The problem is that these small masses have a certain moment of inertia, so they'll end up oscillating about the position of equilibrium. This oscillation is of course dampened by air resistance. The most common way to go about finding the effect of air resistance is by setting up and solving a differential equation, which I prefer not to do. Because of this, I'm now looking in to alternative methods of (numerically) finding the way air resistance affects the period of the oscillation.

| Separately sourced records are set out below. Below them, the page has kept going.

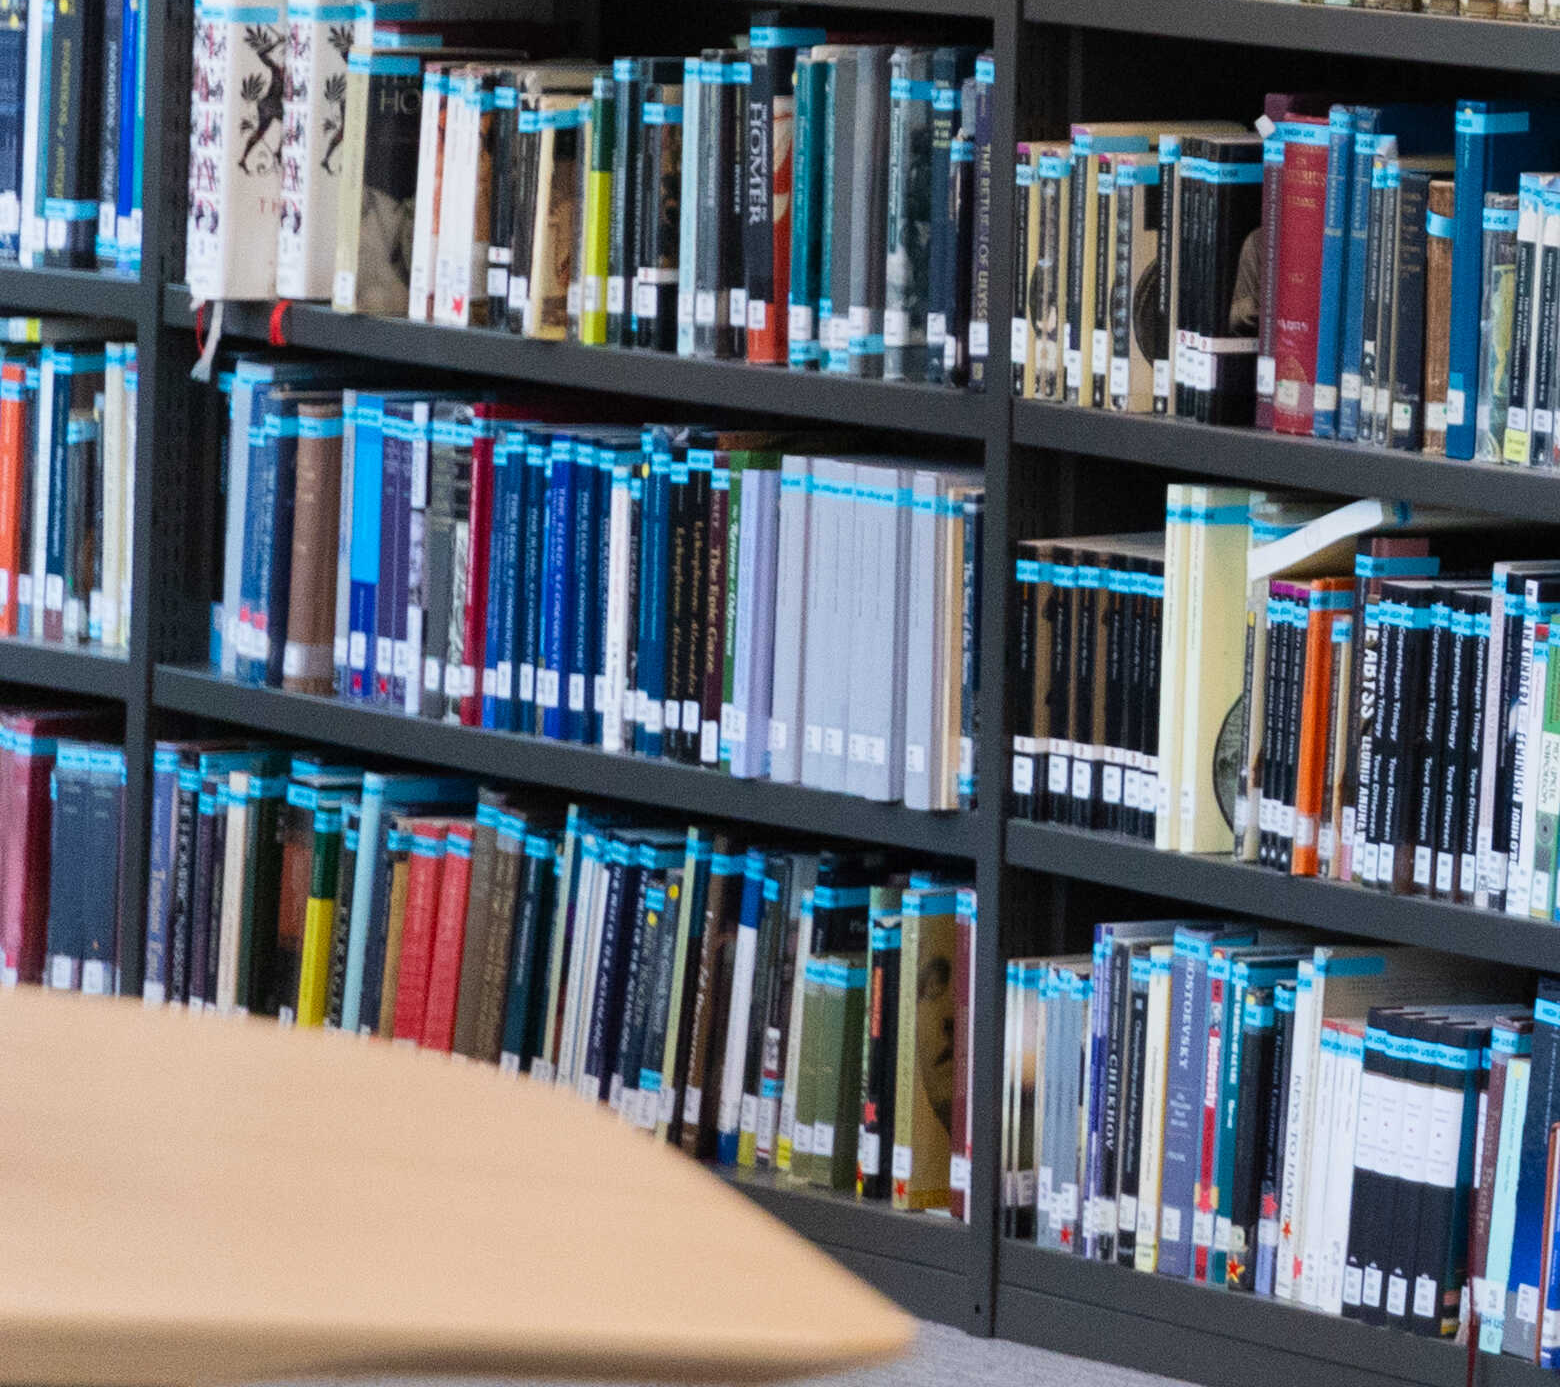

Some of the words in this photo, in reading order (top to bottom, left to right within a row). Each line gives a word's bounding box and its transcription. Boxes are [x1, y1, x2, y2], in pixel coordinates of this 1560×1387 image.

[748, 101, 762, 225] HOMER
[1360, 650, 1379, 720] ABYSS
[1374, 699, 1387, 740] Trilogy
[1389, 699, 1402, 742] Trilogy
[1424, 699, 1437, 741] Trilogy
[1447, 708, 1459, 751] Trilogy
[1470, 710, 1482, 752] Trilogy
[1373, 753, 1383, 782] Tove
[1388, 756, 1398, 784] Tove
[1423, 756, 1433, 785] Tove
[1446, 764, 1456, 791] Tove
[1469, 767, 1479, 793] Tove

My work so far So far, I've determined that air resistance is irrelevant when determining the equilibrium position of the bar (which is used to determine $G$). Where air resistance does become relevant is in finding the value for $\kappa$ (torsion spring coefficient). Most of you will know that one can describe kappa with $\kappa=2m(\frac{\pi L}{T})^2$ where m is the point mass's mass and L the length of the rod. Because $T$ gets changed by friction, $\kappa$ can not be accurately determined without finding a way to go from $T_{measured}$ to $T_{frictionless}$. Herein lies my struggle, as I haven't been able to do so.

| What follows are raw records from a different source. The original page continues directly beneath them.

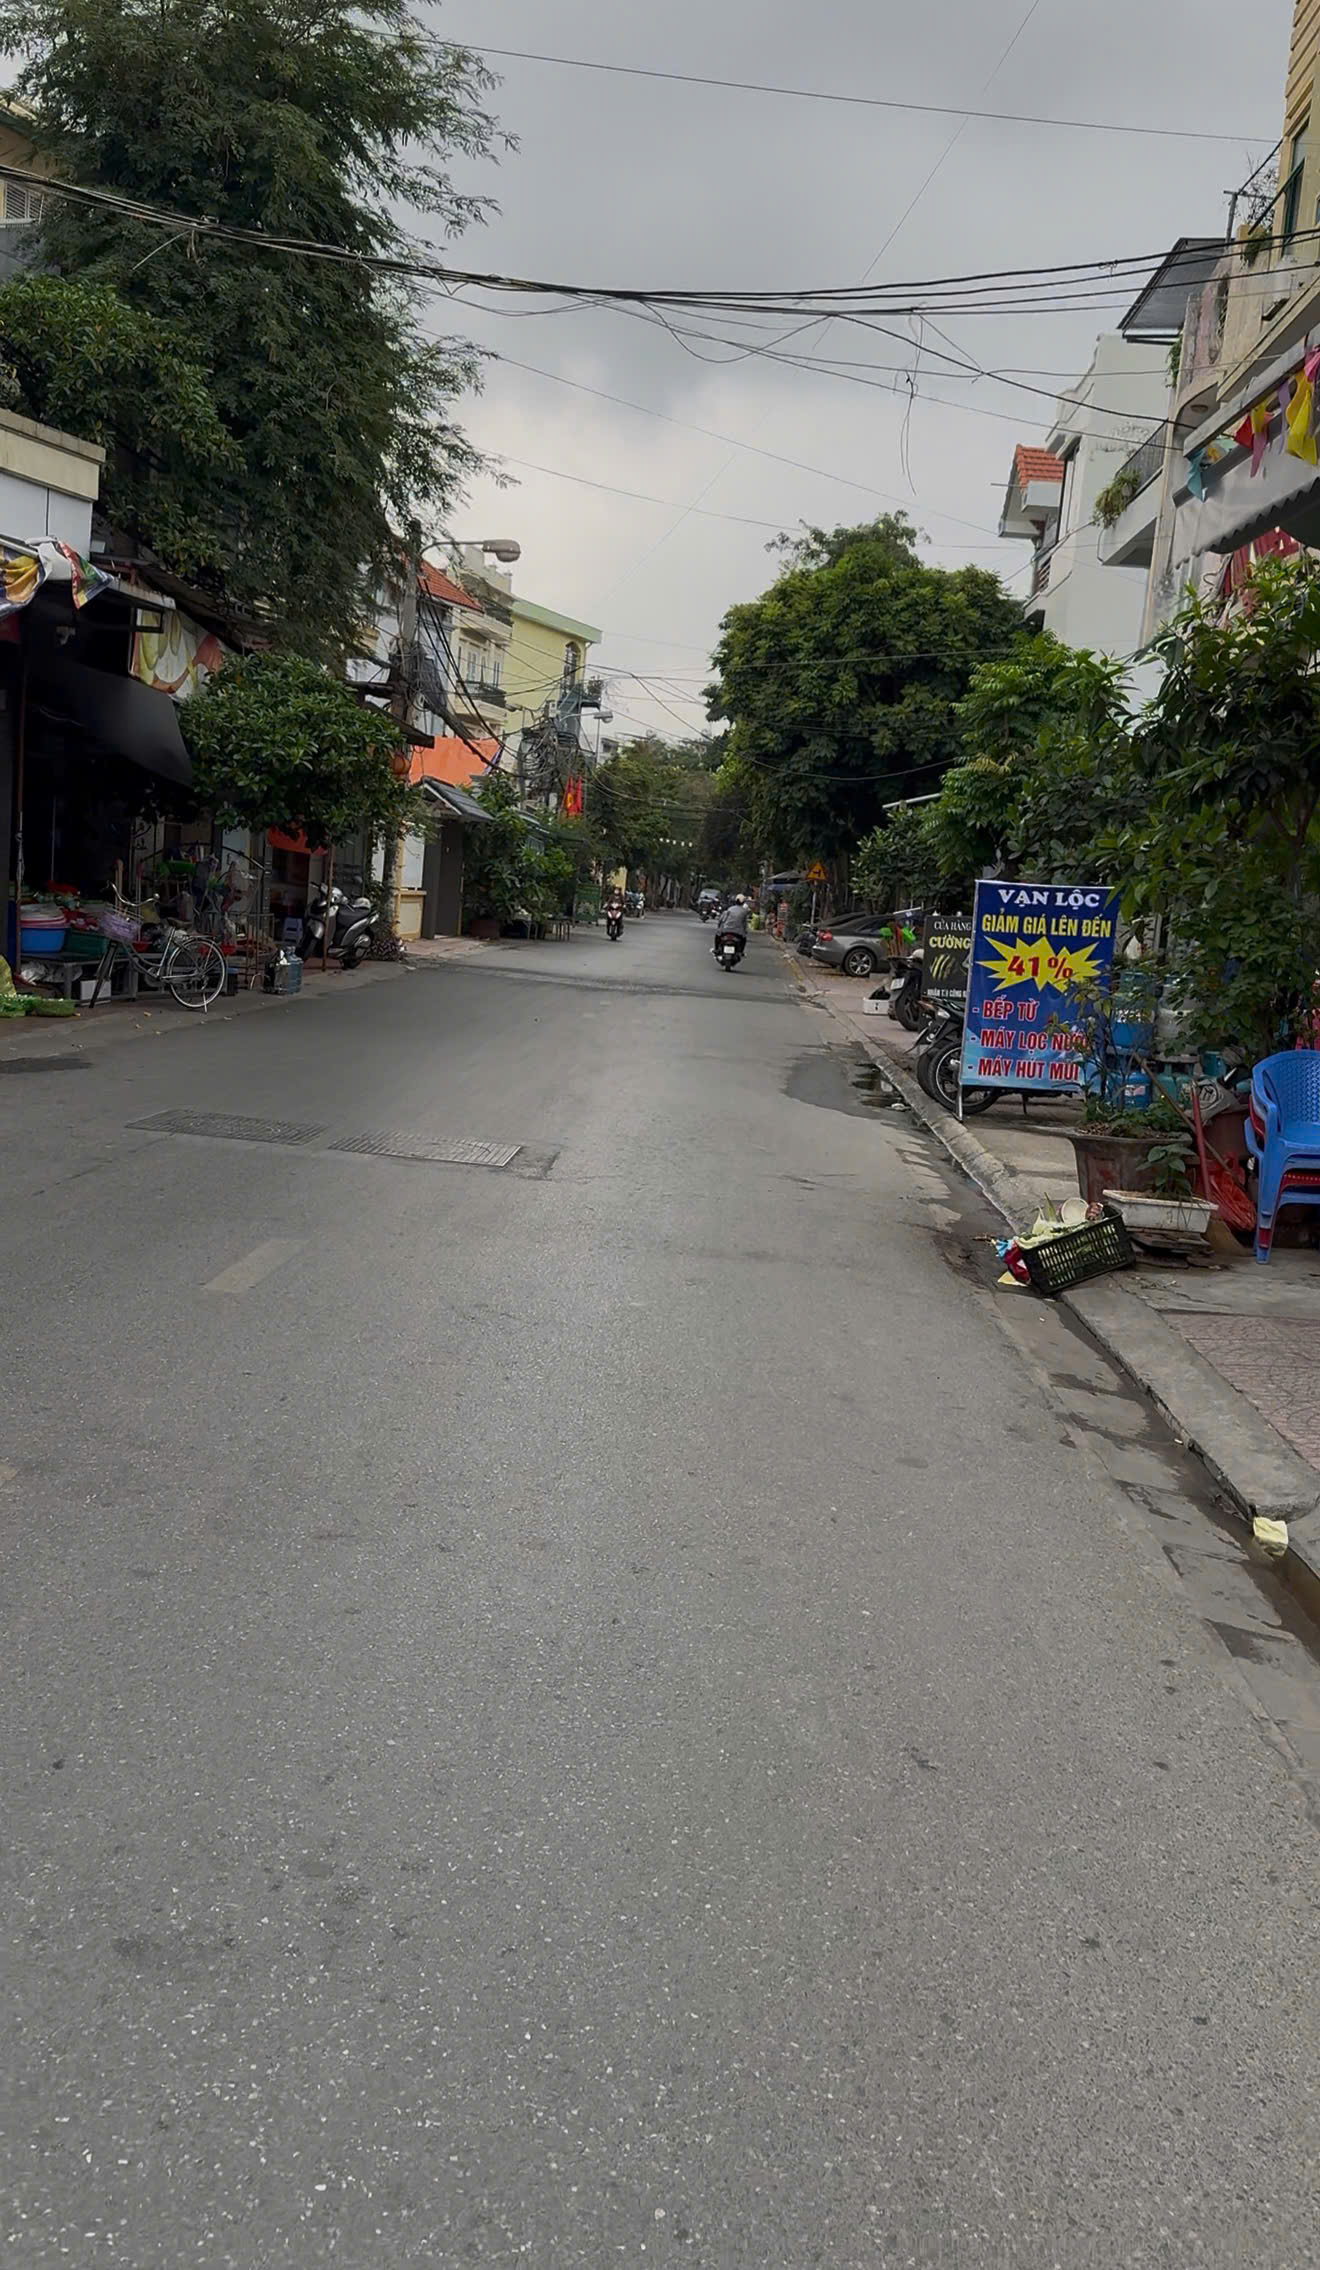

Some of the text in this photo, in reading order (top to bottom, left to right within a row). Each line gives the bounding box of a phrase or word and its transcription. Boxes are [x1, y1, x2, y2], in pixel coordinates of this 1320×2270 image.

[998, 889, 1100, 910] VẠN LỘC
[982, 907, 1111, 937] GIẢM GIÁ LÊN ĐẾN
[929, 934, 971, 949] CƯỜNG
[983, 994, 1040, 1022] BẾP TỪ
[980, 1025, 1016, 1049] MÁY
[1018, 1031, 1047, 1055] LỌC
[978, 1055, 1011, 1078] MÁY
[1015, 1057, 1045, 1079] HÚT

The reason I'm exploring this question of doing it without differential equations is in order to explore the science. I've got no problem actually working through the differential equation.

  • $\begingroup$ Do you have some idea how the friction torque caused by air drag depends on angular velocity of the beam? $\endgroup$ – Gert Jan 18 '17 at 21:44
  • $\begingroup$ If you can find a way to perform the oscillation in a vacuum jar, you can directly get the data that you need. $\endgroup$ – David White Sep 6 '18 at 17:08
  • $\begingroup$ Upon re-reading this, it occurs to me that determining the period of oscillation for various amplitudes may be the way to go. You will find that, due to various non-linearities (mostly drag), the period will increase with amplitude. If you can fit a line (not sure if it will be linear or parabolic) and extrapolate to “zero amplitude”, you will have your answer. $\endgroup$ – Floris Sep 9 '18 at 12:05

The Cavendish balance (CB) is very slow moving, so the air flow is almost laminar.

In laminar flow, a sphere accelerating through a fluid experiences a force because the fluid has to be accelerated. It turns out that the effect of this force is to make it appear that the sphere has inertia increased by half the inertia of the displaced fluid. In the case of the CB, this will add a few grams at most to the apparent mass - and this will decrease the response frequency in the same way that a slightly lower $\kappa$ would do. The equation of motion for simple harmonic motion is easily extended to include linear drag, and the expression for the shift in resonant frequency is well known (see for example http://hyperphysics.phy-astr.gsu.edu/hbase/oscdr.html#c1)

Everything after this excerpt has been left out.